◆ Stored data entries:
....

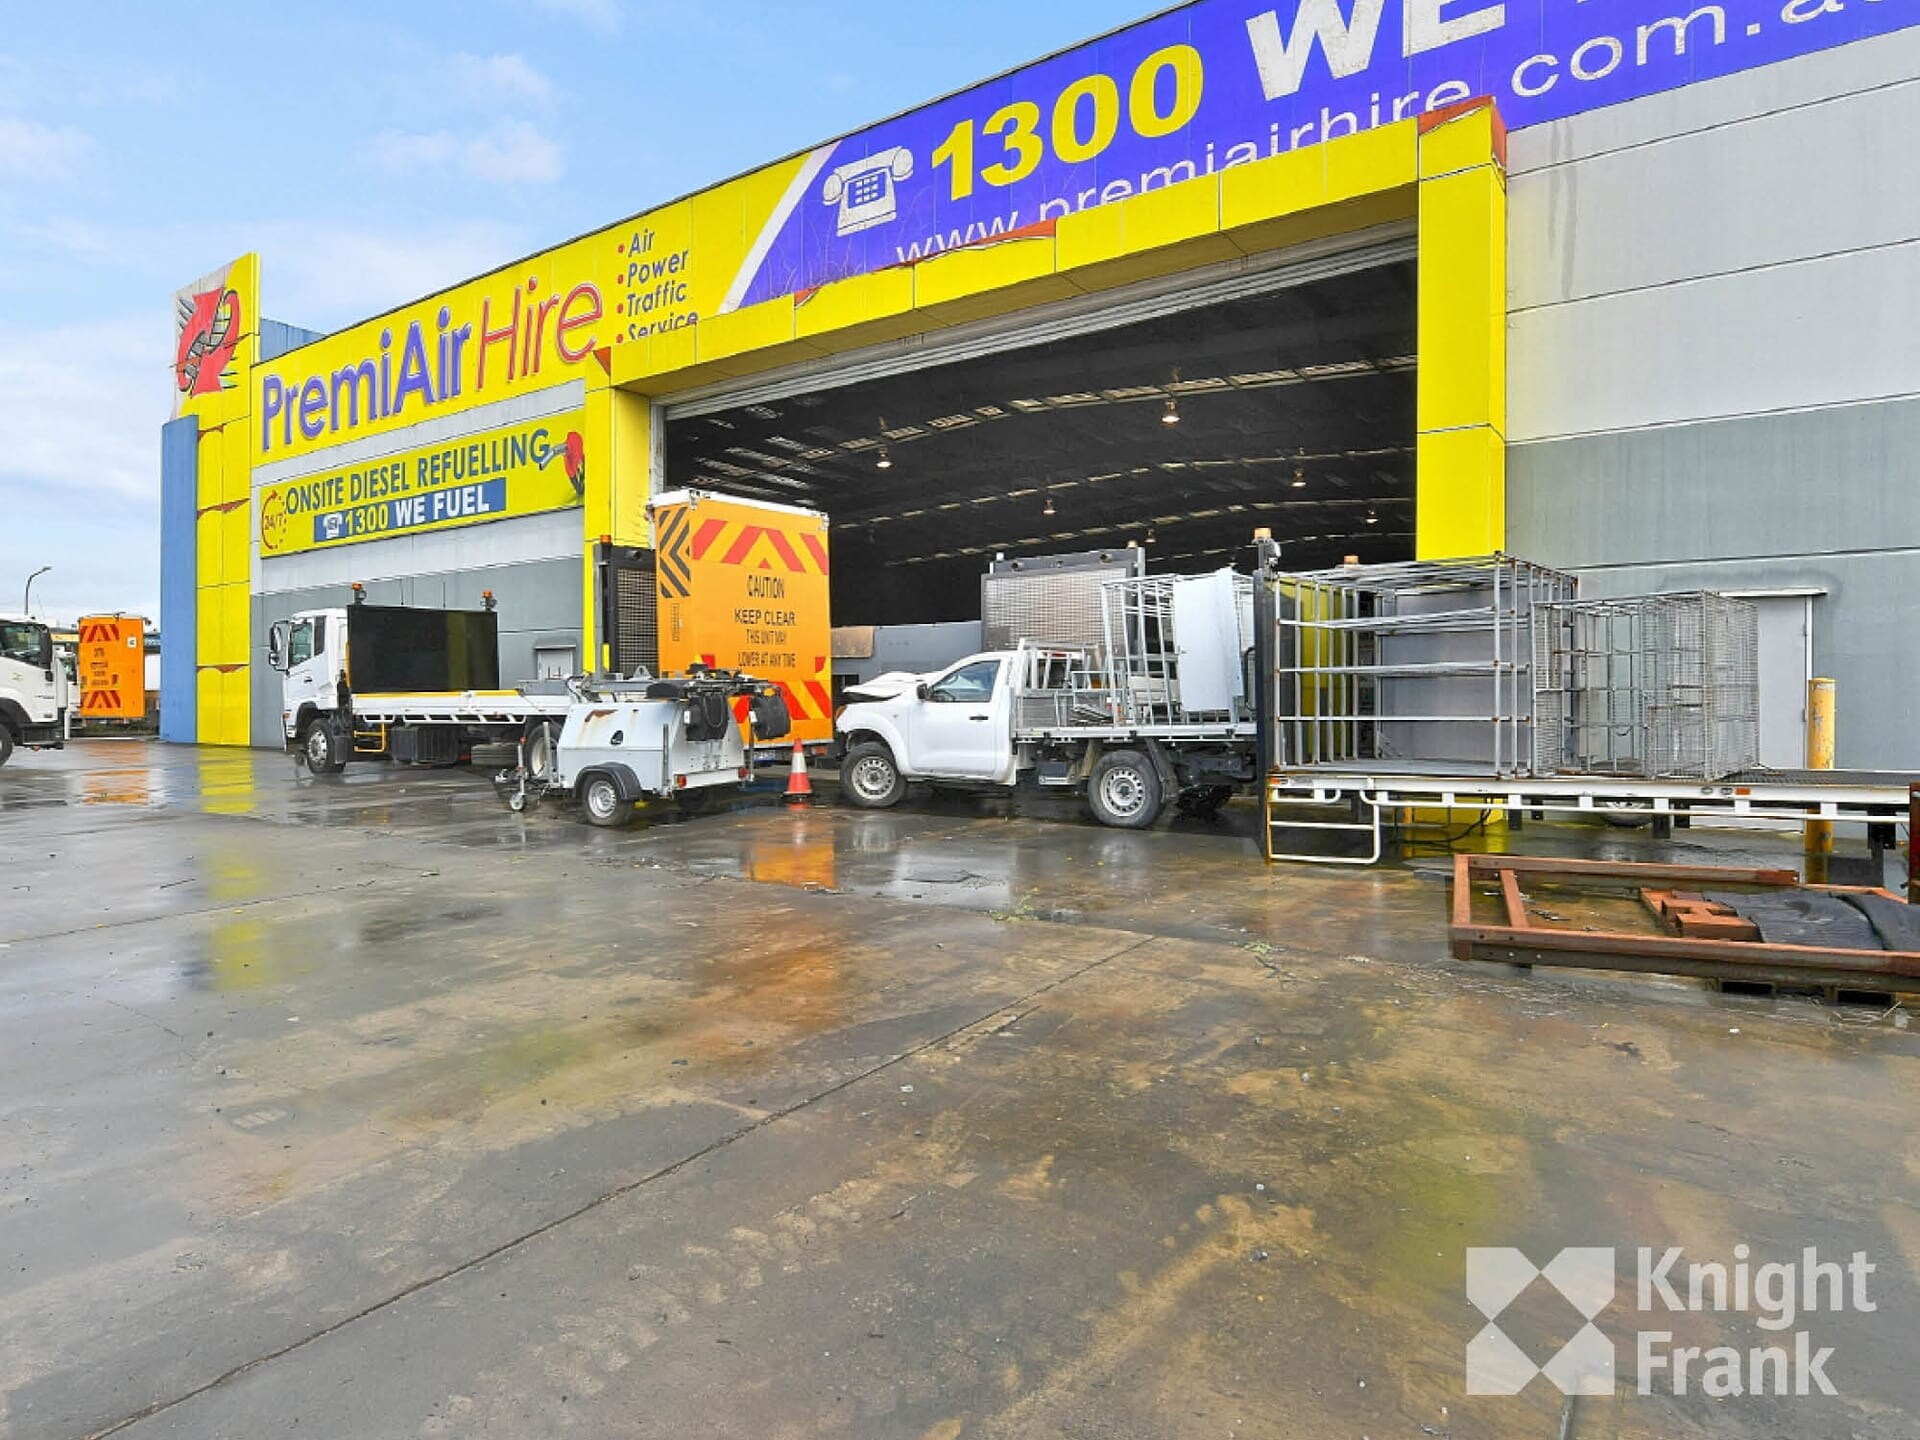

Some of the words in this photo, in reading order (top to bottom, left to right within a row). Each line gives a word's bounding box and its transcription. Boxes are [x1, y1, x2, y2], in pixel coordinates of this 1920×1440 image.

[931, 44, 1204, 201] 1300
[628, 228, 655, 258] Air
[627, 250, 689, 287] Power
[627, 280, 687, 317] Traffic
[286, 476, 344, 515] ONSITE
[350, 461, 410, 501] DIESEL
[416, 429, 550, 488] REFUELLING
[264, 512, 284, 531] 24/7
[345, 504, 388, 537] 1300
[395, 498, 425, 526] WE
[433, 485, 490, 521] FUEL
[747, 574, 785, 599] CAUTION
[734, 607, 762, 625] KEEP
[764, 610, 796, 626] CLEAR
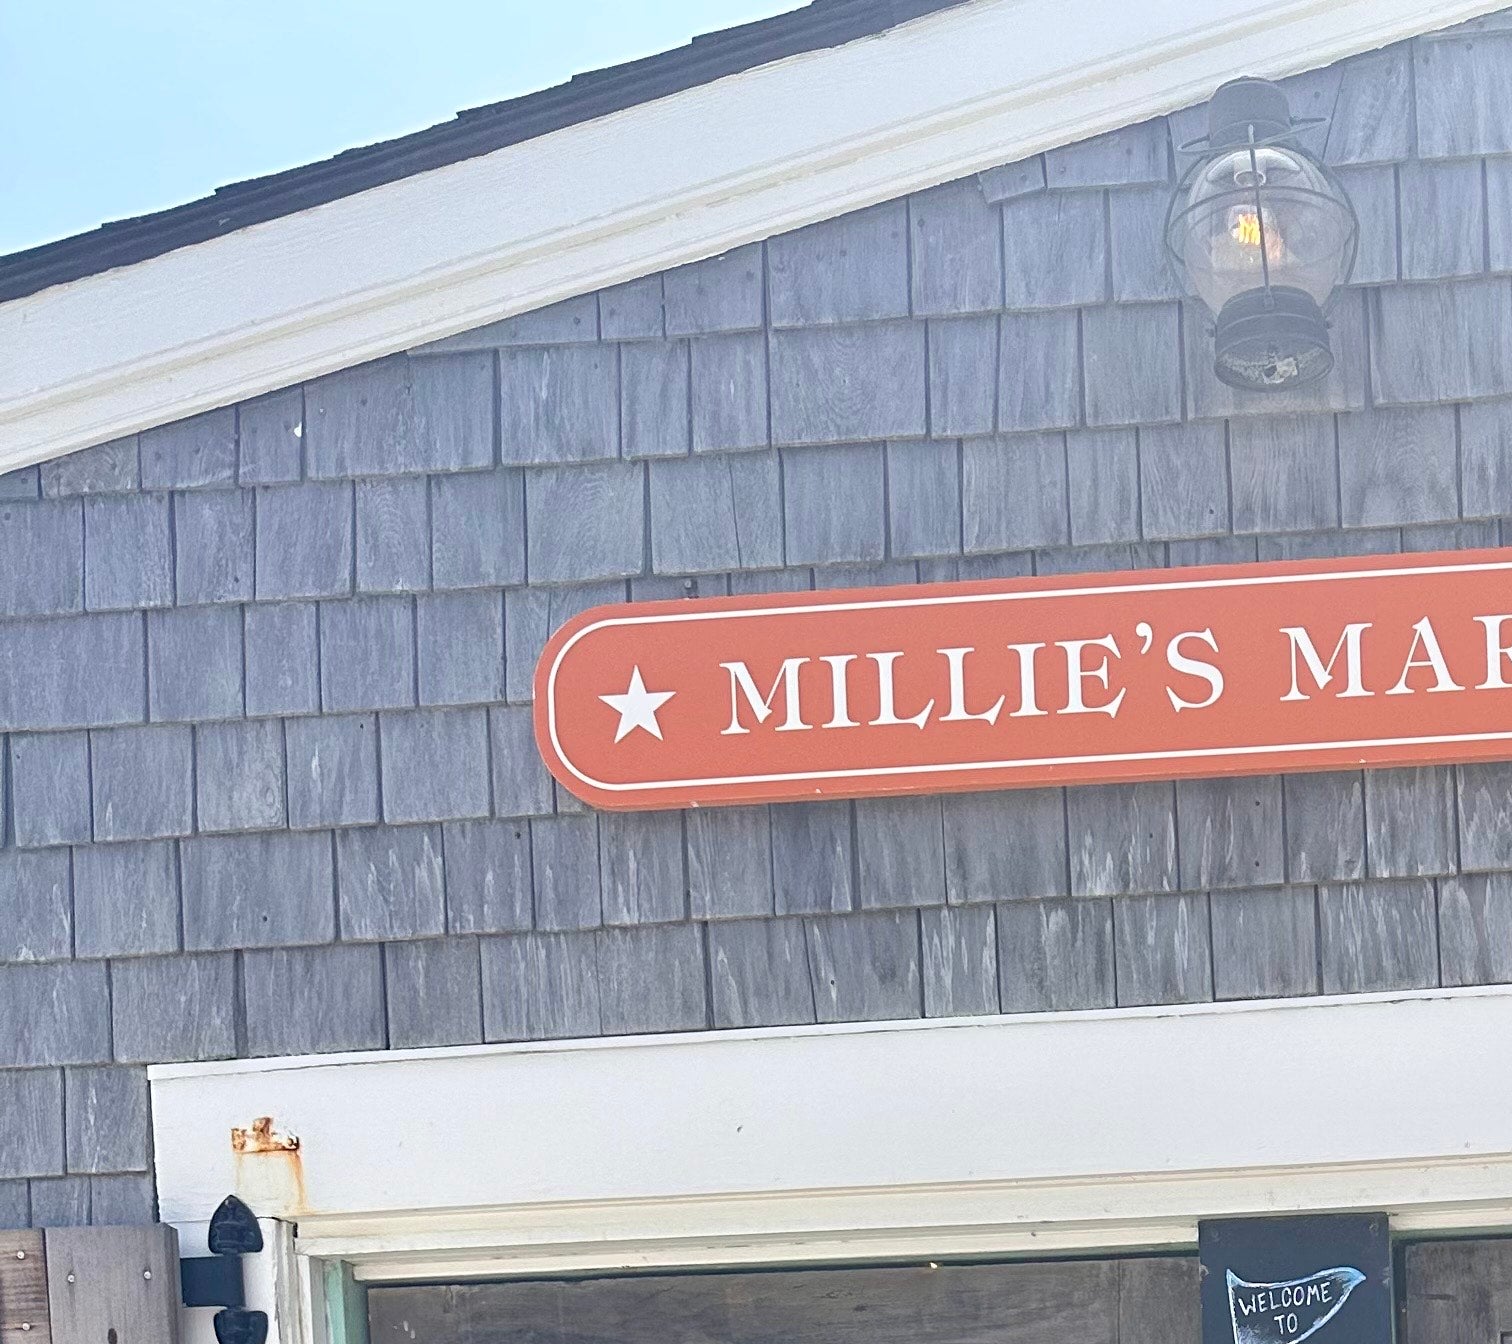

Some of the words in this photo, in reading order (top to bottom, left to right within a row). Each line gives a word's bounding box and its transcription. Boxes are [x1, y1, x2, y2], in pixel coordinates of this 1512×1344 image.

....

◆ PROBLEM STATEMENT: Make an exact copy of the data above, pictures excluded.

◆ YOUR RESPONSE:
Some of the words in this photo, in reading order (top to bottom, left to right within a row). Each line gives a word's bounding box and its transcription. Boxes are [x1, y1, x2, y2], in pixel coordinates of this 1920×1440 image.

[931, 44, 1204, 201] 1300
[628, 228, 655, 258] Air
[627, 250, 689, 287] Power
[627, 280, 687, 317] Traffic
[286, 476, 344, 515] ONSITE
[350, 461, 410, 501] DIESEL
[416, 429, 550, 488] REFUELLING
[264, 512, 284, 531] 24/7
[345, 504, 388, 537] 1300
[395, 498, 425, 526] WE
[433, 485, 490, 521] FUEL
[747, 574, 785, 599] CAUTION
[734, 607, 762, 625] KEEP
[764, 610, 796, 626] CLEAR

Some of the words in this photo, in reading order (top to bottom, left to right within a row). Each line gives a word's bounding box and its transcription. Boxes are [x1, y1, x2, y2], in pixel coordinates of this 1512×1344 image.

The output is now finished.